=== SUPPLIED MATERIAL ===

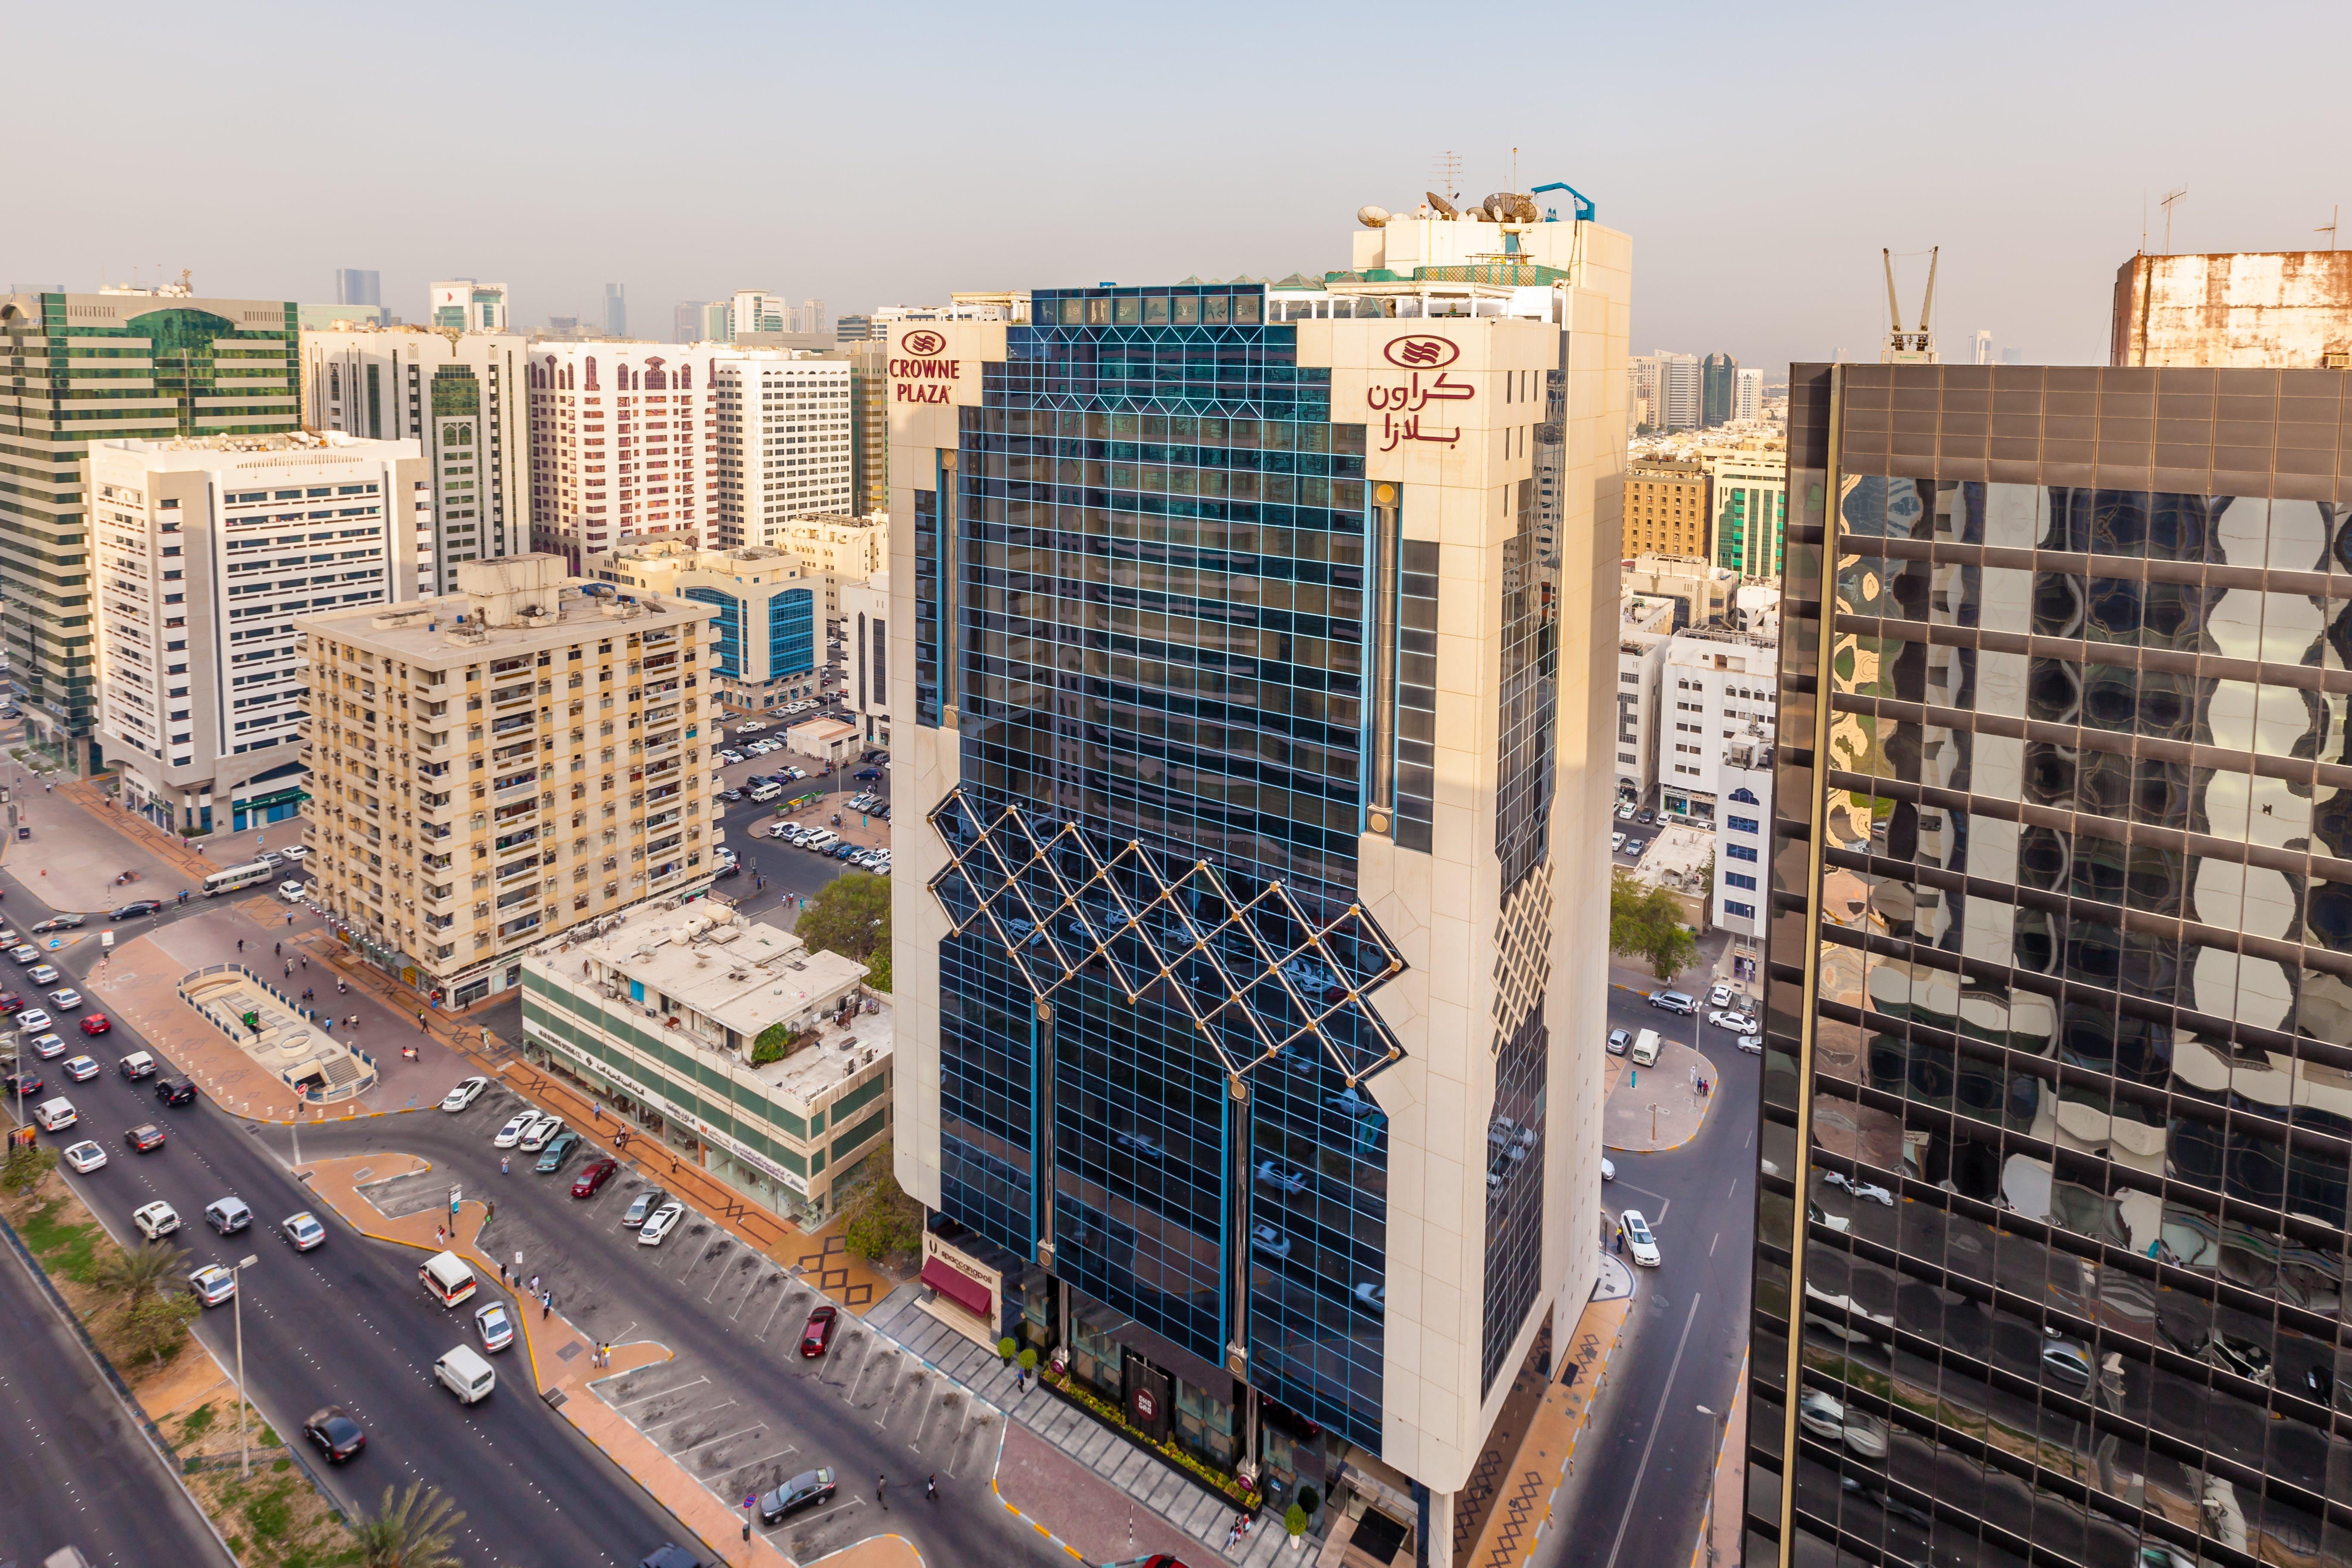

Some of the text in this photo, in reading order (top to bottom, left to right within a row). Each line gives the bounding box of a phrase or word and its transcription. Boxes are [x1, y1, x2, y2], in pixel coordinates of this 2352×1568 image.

[889, 359, 959, 379] CROWNE
[1368, 372, 1475, 411] كراون
[1380, 413, 1460, 451] بلازا
[942, 1251, 992, 1284] spaccanapoli

===

Once the pictures are set aside, transcribe the remaining lines above exactly.

Some of the text in this photo, in reading order (top to bottom, left to right within a row). Each line gives the bounding box of a phrase or word and its transcription. Boxes are [x1, y1, x2, y2], in pixel coordinates of this 2352×1568 image.

[889, 359, 959, 379] CROWNE
[1368, 372, 1475, 411] كراون
[1380, 413, 1460, 451] بلازا
[942, 1251, 992, 1284] spaccanapoli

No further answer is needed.